The losses followed sharp drops across Europe and New York as Britain struggles to hammer out a Brexit deal with the European Union and traders remain cautious about US lawmakers' ability to push through tax cut measures.
A rally in global equity markets has run into headwinds in recent weeks as dealers wind down for the end of the year and the US probe into Russia's alleged election meddling sows uncertainty.
A key drag for Asia on Wednesday were copper prices, which sank more than four per cent in London, having already lost about 10 per cent over the previous week with analysts blaming a pick-up in the dollar on hopes for US tax cuts.
There are also worries about China's crackdown on borrowing-fuelled investing.
"The sentiment in China has turned less positive after the conclusion of the National Party Congress, as the deleveraging rhetoric has returned to the market, especially with regards to real estate speculation," TD Securities commodity strategist Ryan McKay told Bloomberg News.
"Worries of the deleveraging's impact on real estate and construction demand saw optimism for commodity demand reduced and prices retreat." Also, oil prices were hit by data showing a big rise in US inventories.
Sydney-listed miners Rio Tinto and BHP were all both down around two per cent, while energy giant Woodside Petroleum lost 0.2 per cent. CNOOC, Sinopec and PetroChina sank in Hong Kong while Inpex suffered a 1.7 per cent drop in Tokyo.
The losses hit wider markets.

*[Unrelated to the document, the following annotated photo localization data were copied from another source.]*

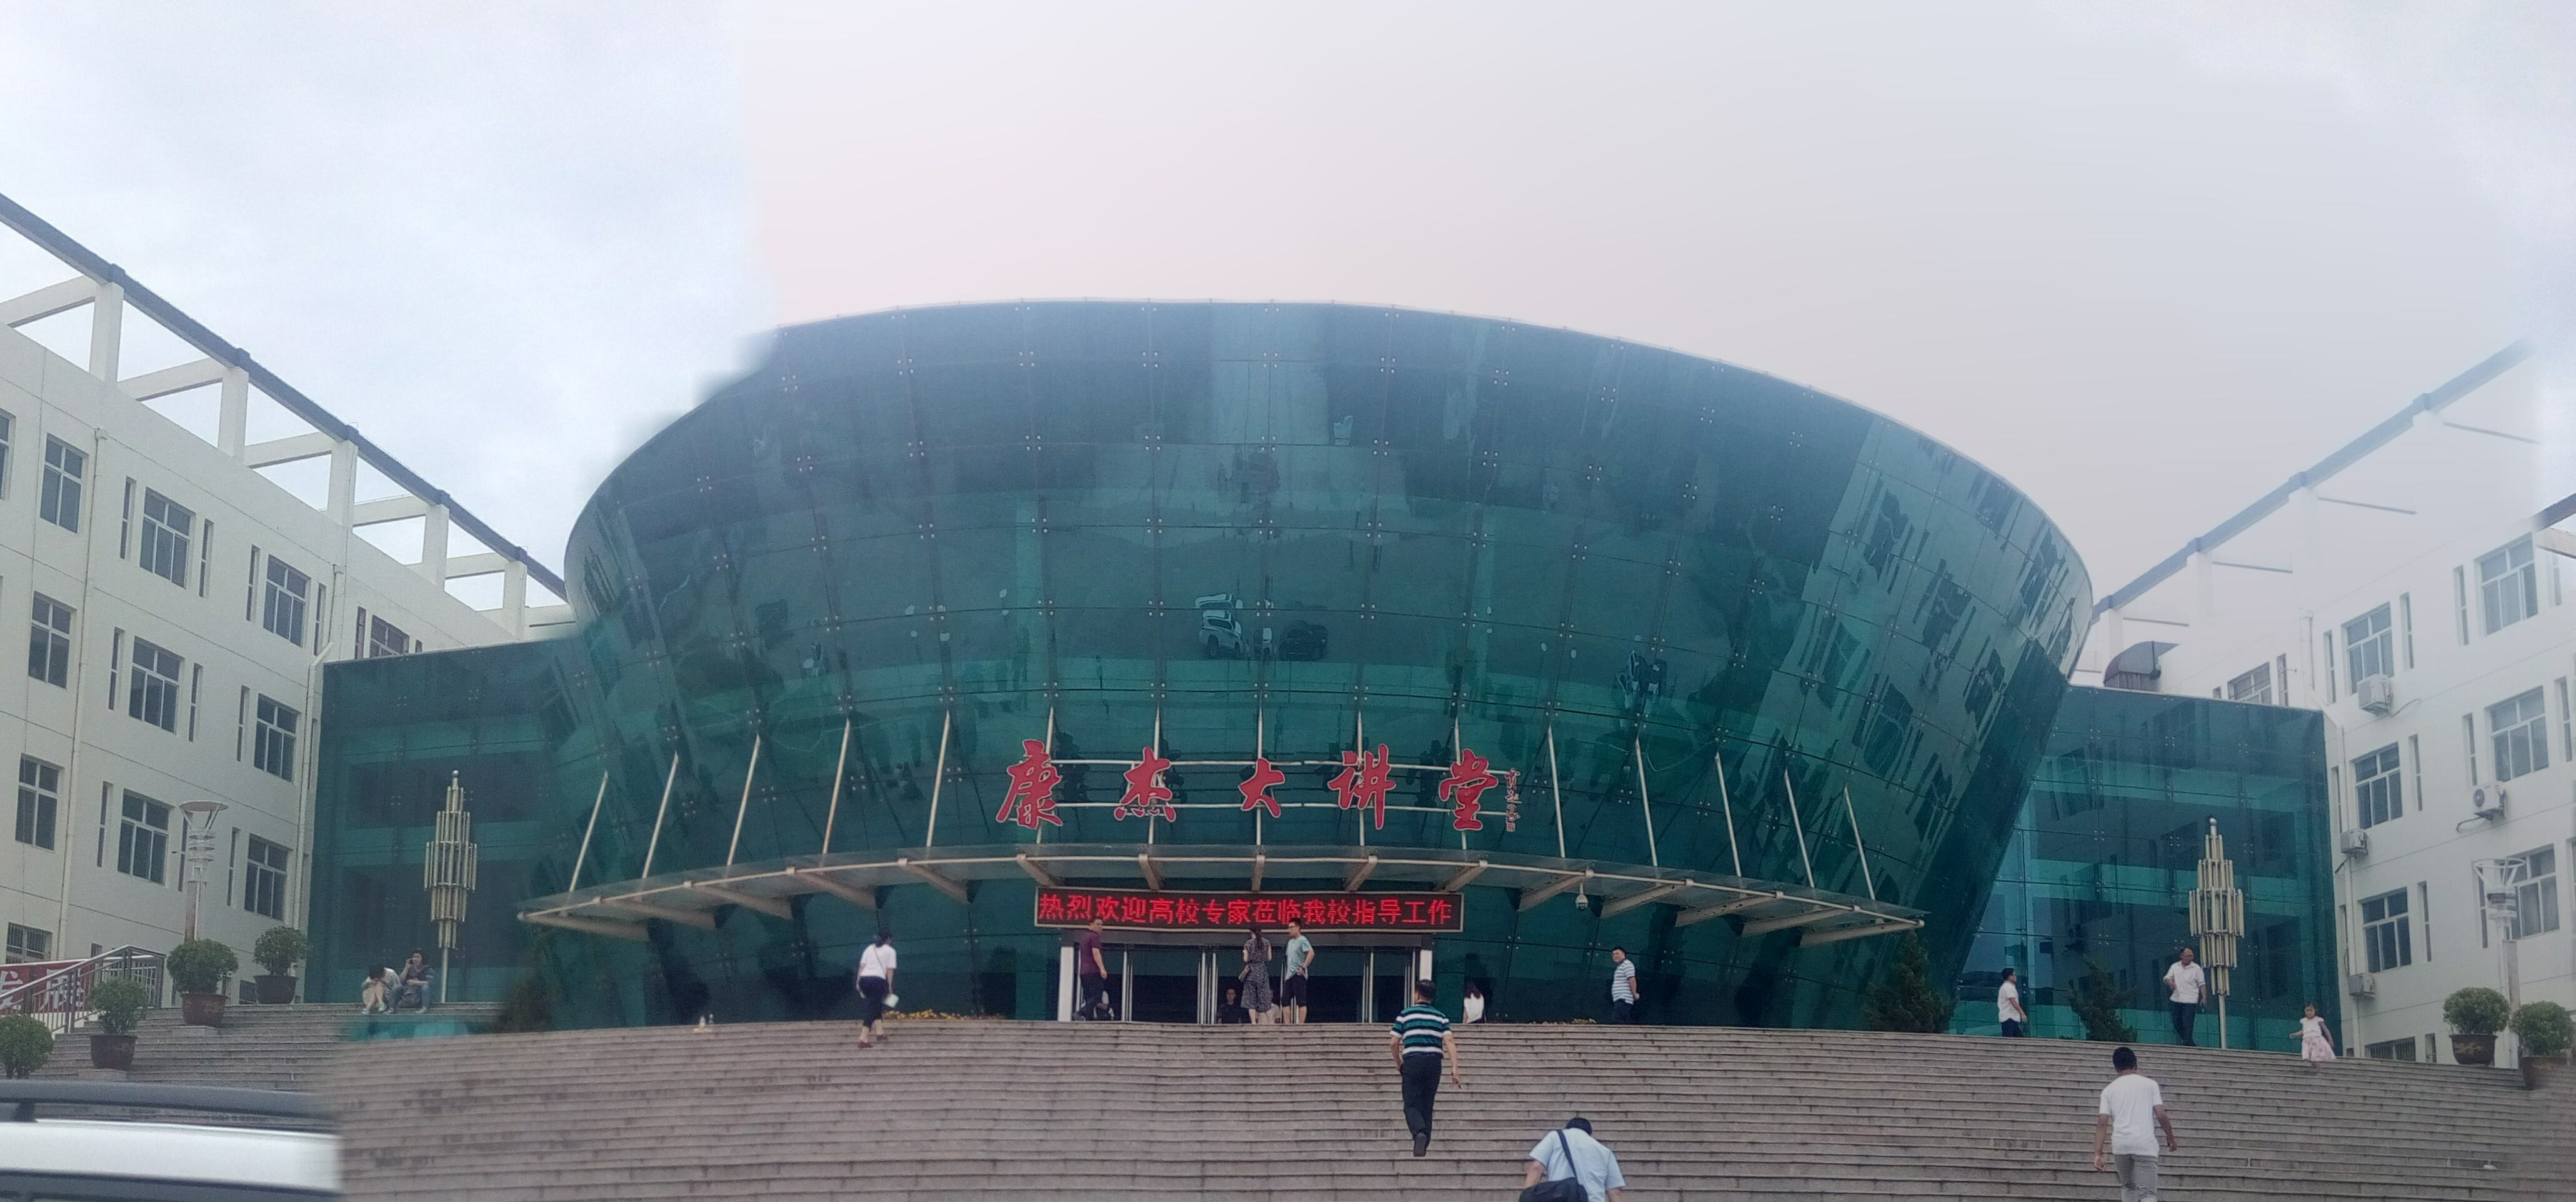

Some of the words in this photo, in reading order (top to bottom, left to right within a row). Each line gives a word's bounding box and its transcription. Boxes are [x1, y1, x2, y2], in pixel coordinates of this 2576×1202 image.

[996, 739, 1499, 831] 康杰大讲堂
[1039, 893, 1452, 925] 热烈欢迎高校专家莅临我校指导工作
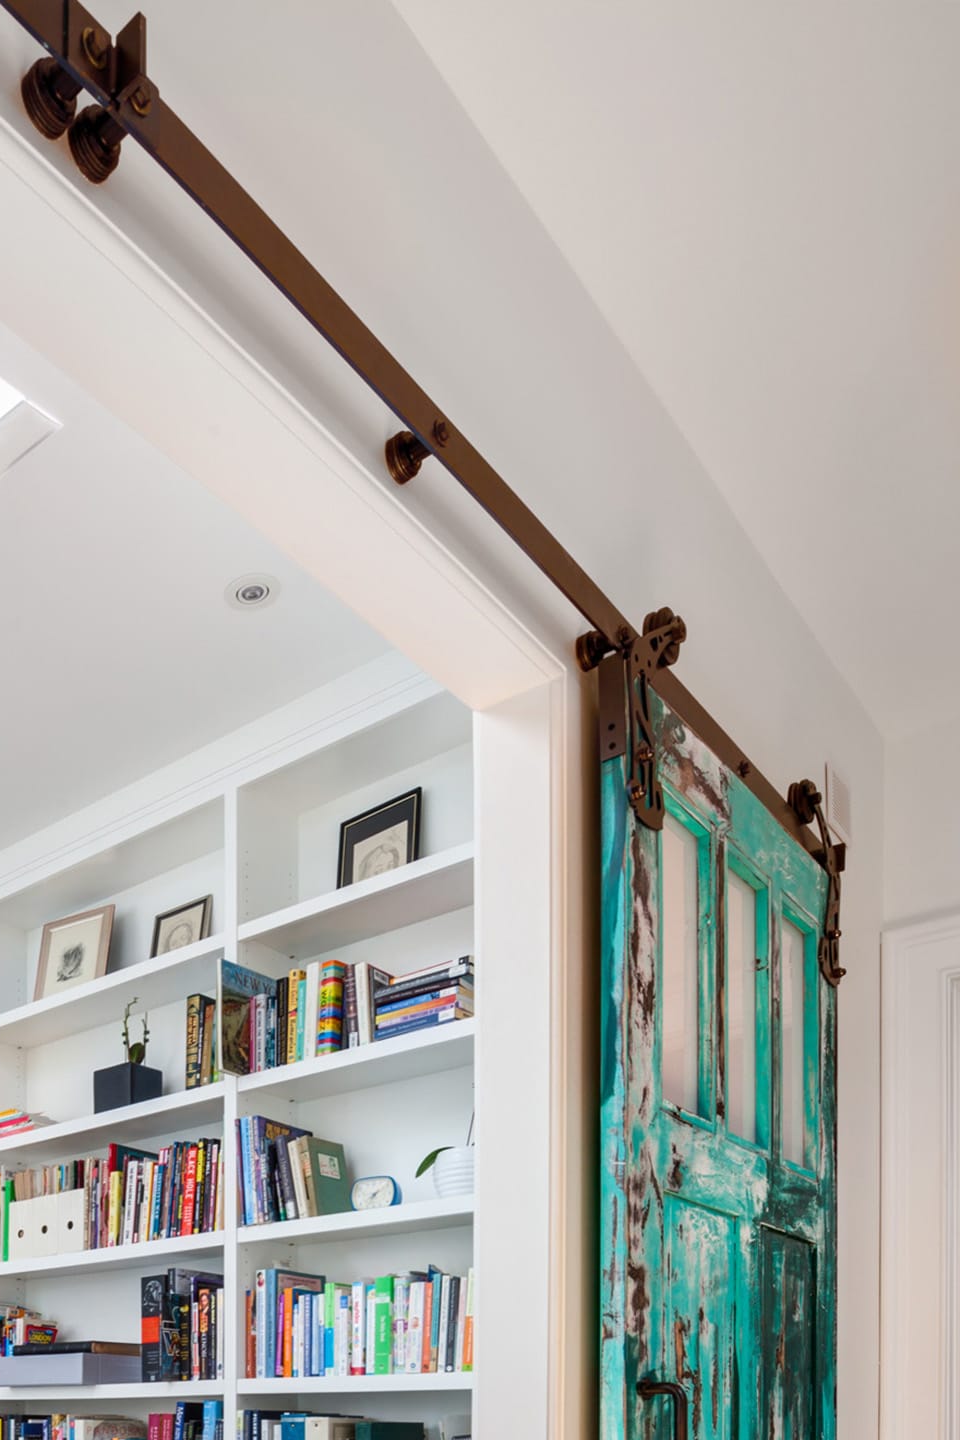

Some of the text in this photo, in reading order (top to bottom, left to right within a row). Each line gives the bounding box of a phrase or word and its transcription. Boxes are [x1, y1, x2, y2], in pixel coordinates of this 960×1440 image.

[233, 972, 260, 990] NEW
[188, 1150, 196, 1174] BLACK
[186, 1178, 194, 1200] HOLE
[175, 1406, 184, 1426] Mary

Tokyo ended the morning 0.9 per cent lower.
Hong Kong lost 0.6 per cent, leaving it more than five percent off its 10-year peak touched just over a fortnight ago.
Shanghai also slipped 0.6 per cent and Sydney was 0.2 per cent lower following weaker-than-forecast economic growth data, which also dragged the Australian dollar on expectations the country's central bank will not lift interest rates any time soon.
Singapore and Seoul both gave up 0.5 per cent, while Taipei shed more than one per cent and Wellington dropped 0.3 per cent.
Greg McKenna, chief market strategist at AxiTrader, said since the US tax cuts look set to be agreed, the fall in prices could be caused by a so-called "buying the rumour, sell the (almost) fact", mixed with profit-taking following a healthy run-up this year.
The tech sector, which has been the best performer this year, was again in the red on profit-taking and as dealers shifted to firms more likely to benefit from lower US taxes.
Tencent dived one per cent and AAC technologies was four per cent lower, with Samsung and Sony also taking a hard hit.
On currency markets the pound is in trouble with British-EU talks in limbo after the government's coalition partner dismissed Prime Minister Theresa May's position on the future of Northern Ireland's border with eurozone member Ireland.
Mrs May is expected in Brussels again this week to try to get an agreement that would let her move the talks on to trade.
Eyes are on Washington this week, where lawmakers must agree a fresh budget by Friday to avoid a painful government shutdown, while US jobs data is also due on same day.